= Beginning of Section =
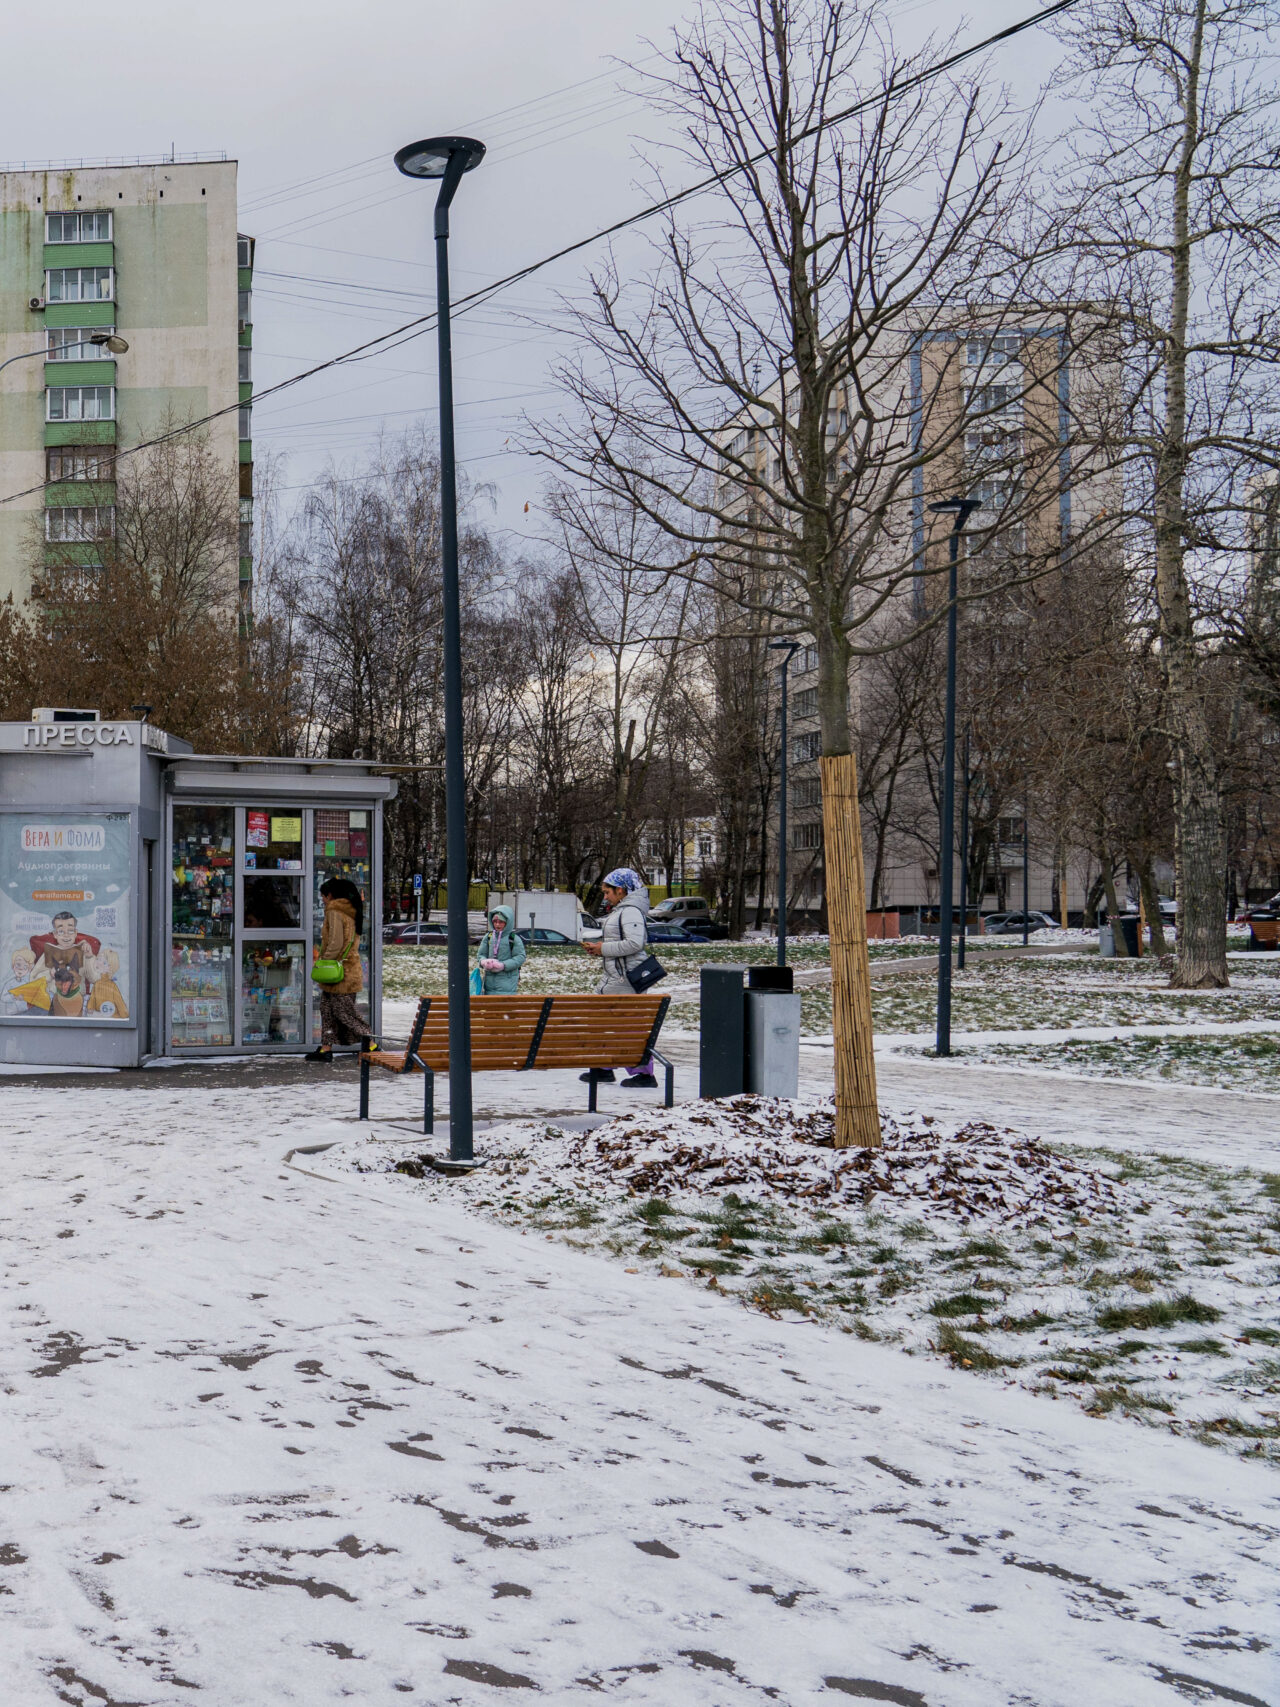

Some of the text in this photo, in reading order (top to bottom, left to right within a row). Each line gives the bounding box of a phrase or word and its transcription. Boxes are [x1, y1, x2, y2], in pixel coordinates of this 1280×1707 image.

[24, 724, 134, 746] ПРЕССА
[18, 861, 111, 872] Аудиопрограммы
[35, 873, 89, 883] для детей
[101, 1003, 114, 1013] 6+
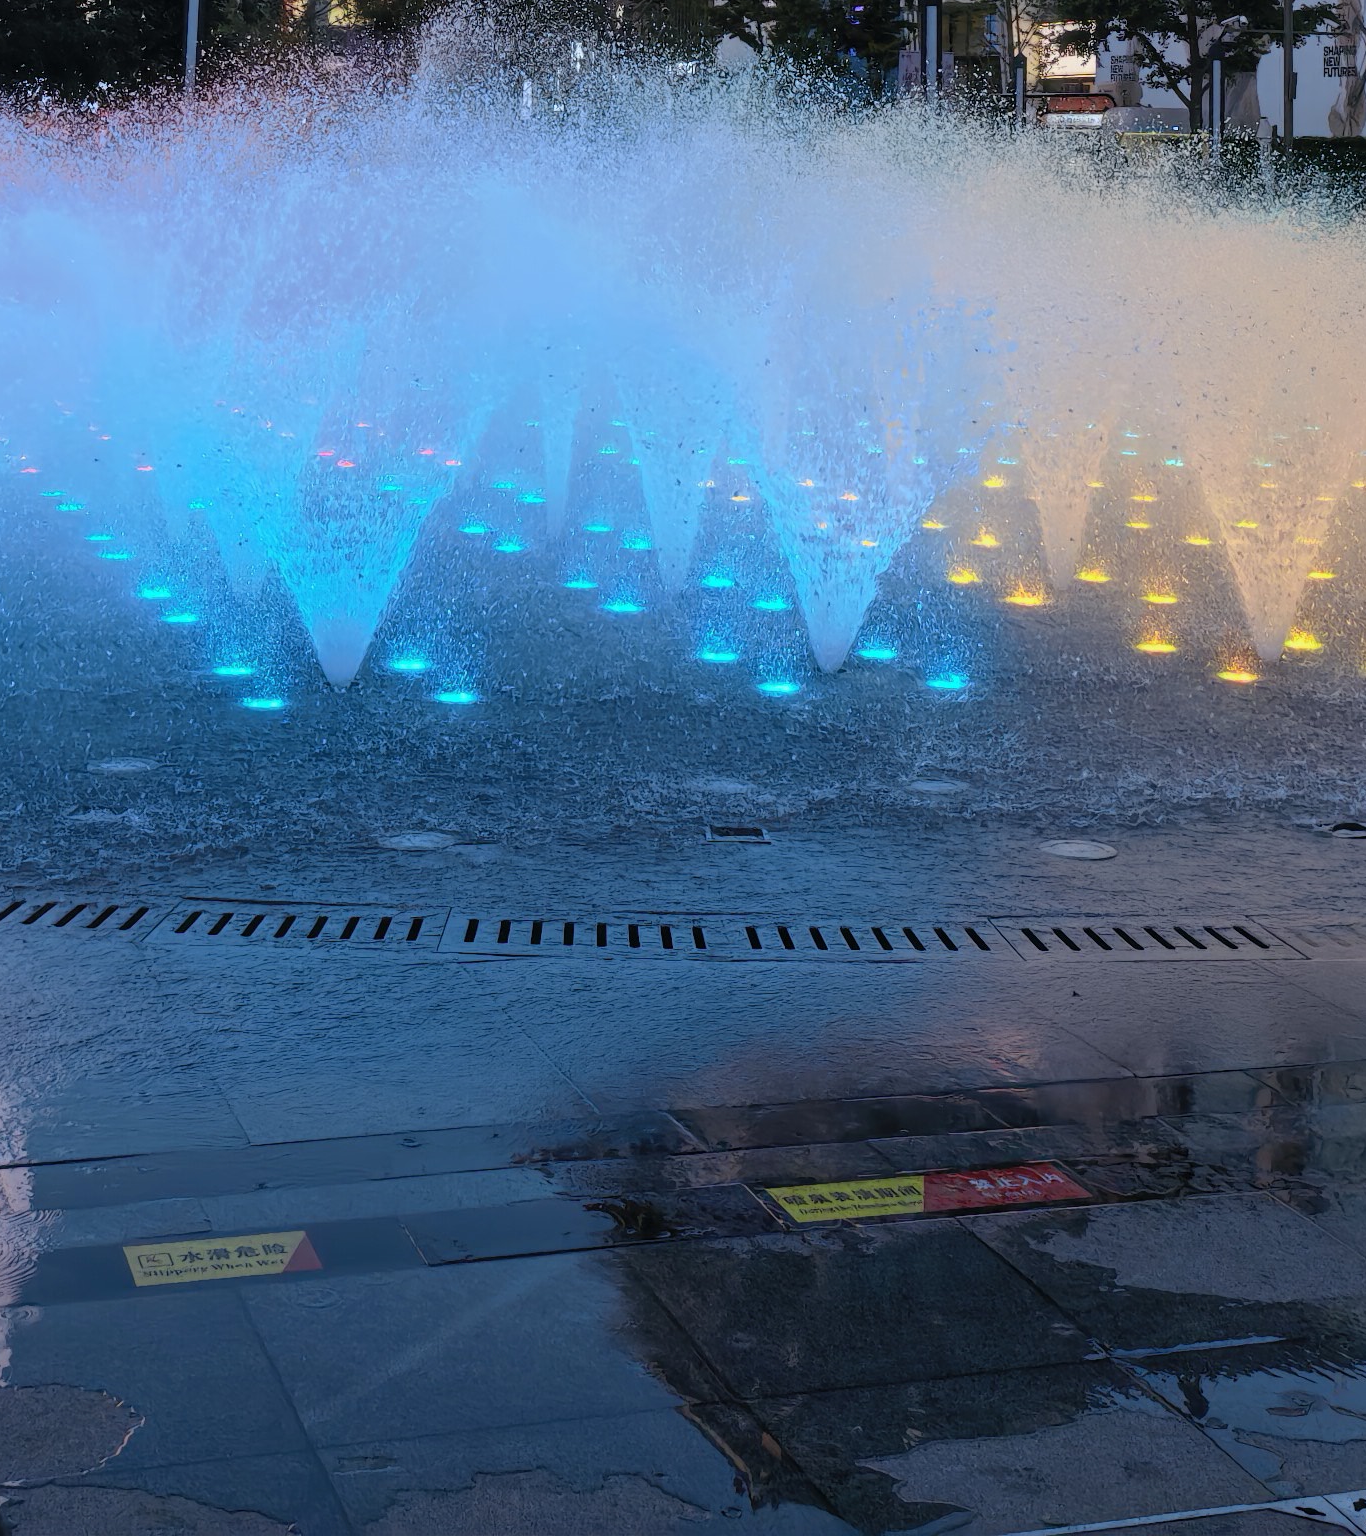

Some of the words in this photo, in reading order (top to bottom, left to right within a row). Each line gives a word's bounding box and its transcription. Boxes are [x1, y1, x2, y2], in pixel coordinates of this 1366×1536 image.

[1323, 57, 1341, 67] NEW
[178, 1242, 289, 1263] 水滑危险
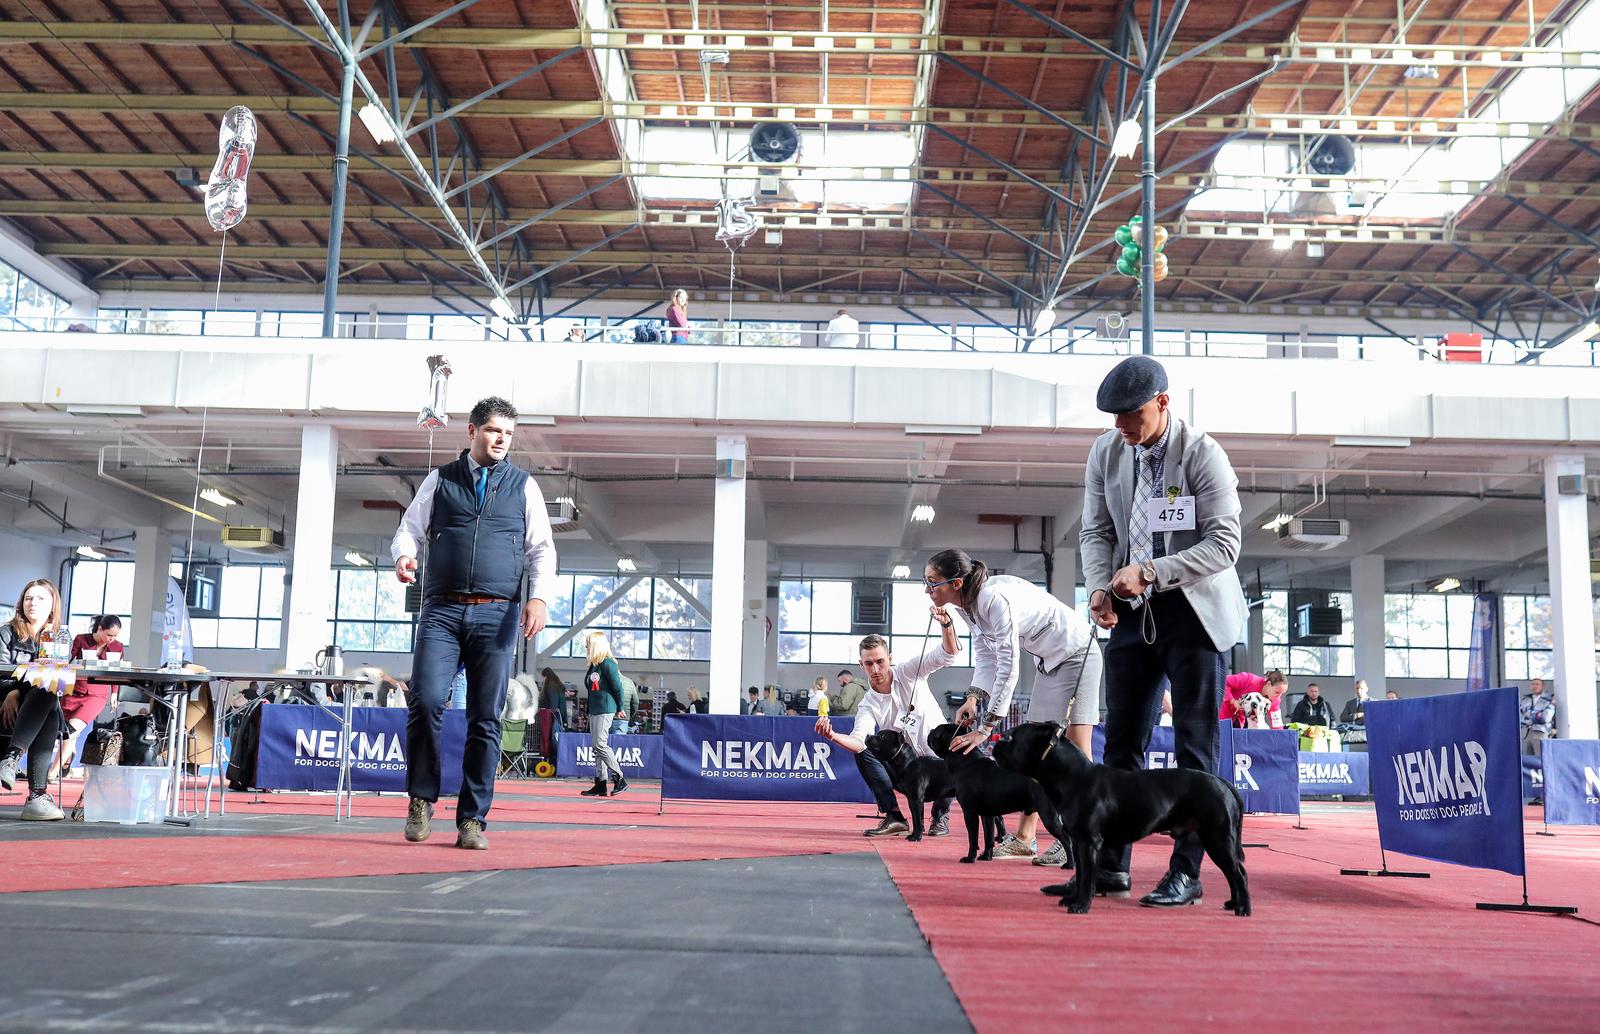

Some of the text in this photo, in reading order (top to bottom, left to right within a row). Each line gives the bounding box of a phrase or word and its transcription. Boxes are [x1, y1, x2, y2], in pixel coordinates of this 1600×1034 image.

[1158, 508, 1185, 522] 475
[295, 728, 406, 762] NEKMA
[294, 758, 313, 766] FOR
[315, 760, 340, 768] DOGS
[357, 762, 378, 770] DOG
[380, 763, 408, 771] PEOP
[576, 746, 645, 768] NEMAR
[701, 740, 837, 780] NEKMAR
[701, 770, 720, 778] FOR
[789, 772, 826, 780] PEOPLE
[1299, 763, 1353, 784] EKMAR
[1392, 740, 1491, 816] NEKMAR
[1400, 809, 1414, 821] FOR
[1415, 808, 1431, 821] DOGS
[1440, 805, 1459, 818] DOG
[1459, 802, 1483, 817] PEOPLE
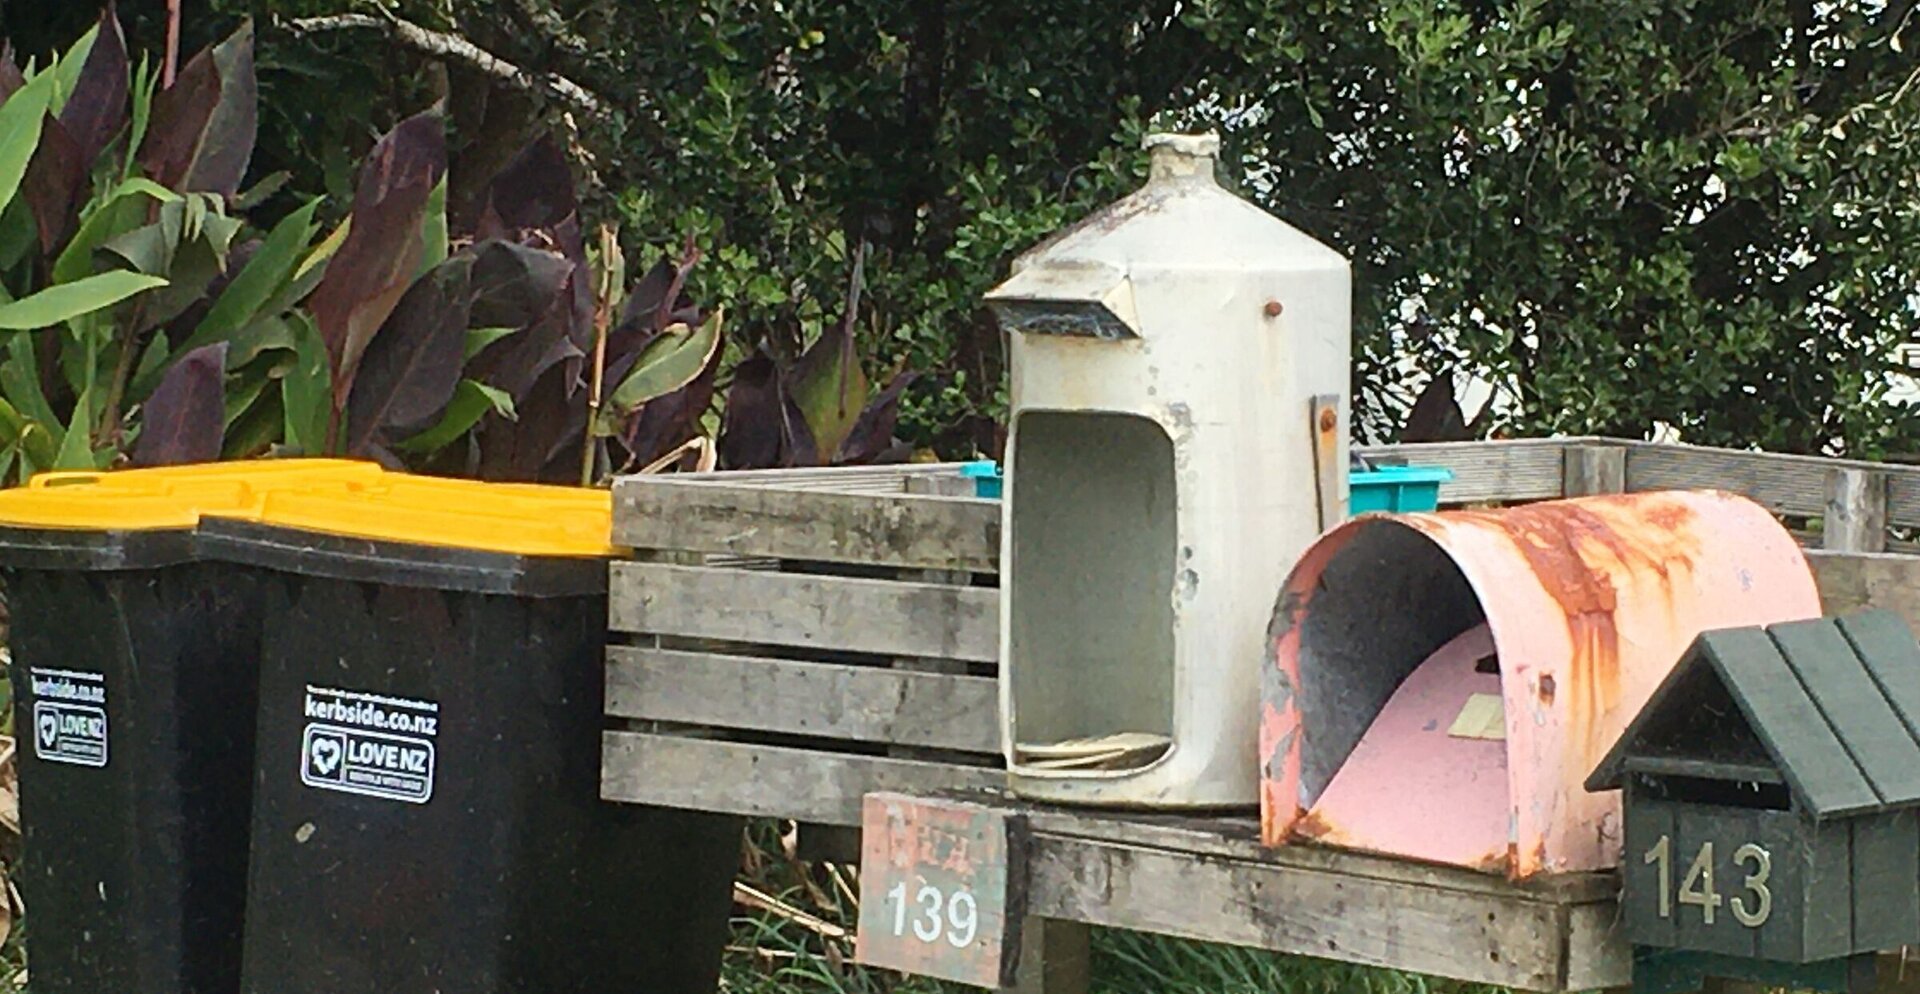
= End of Section =
Problem to solve
Each line of the data should be printed again exactly. Please leave pictures out.

Response area
Some of the text in this photo, in reading order (top to bottom, left to right within a row). Each line gives the bounding box of a phrase or word and its transcription. Boxes are [x1, y1, x2, y2], in pixel coordinates of this 1280×1707 image.

[24, 724, 134, 746] ПРЕССА
[18, 861, 111, 872] Аудиопрограммы
[35, 873, 89, 883] для детей
[101, 1003, 114, 1013] 6+

Some of the words in this photo, in reading order (top to bottom, left to right within a row). Each line gives a word's bounding box and its transcription. Boxes are [x1, y1, x2, y2], in pixel coordinates of this 1366×1536 image.

[1323, 57, 1341, 67] NEW
[178, 1242, 289, 1263] 水滑危险

Some of the text in this photo, in reading order (top to bottom, left to right within a row). Each line gives the bounding box of a phrase or word and its transcription. Boxes are [x1, y1, x2, y2], in pixel coordinates of this 1600×1034 image.

[1158, 508, 1185, 522] 475
[295, 728, 406, 762] NEKMA
[294, 758, 313, 766] FOR
[315, 760, 340, 768] DOGS
[357, 762, 378, 770] DOG
[380, 763, 408, 771] PEOP
[576, 746, 645, 768] NEMAR
[701, 740, 837, 780] NEKMAR
[701, 770, 720, 778] FOR
[789, 772, 826, 780] PEOPLE
[1299, 763, 1353, 784] EKMAR
[1392, 740, 1491, 816] NEKMAR
[1400, 809, 1414, 821] FOR
[1415, 808, 1431, 821] DOGS
[1440, 805, 1459, 818] DOG
[1459, 802, 1483, 817] PEOPLE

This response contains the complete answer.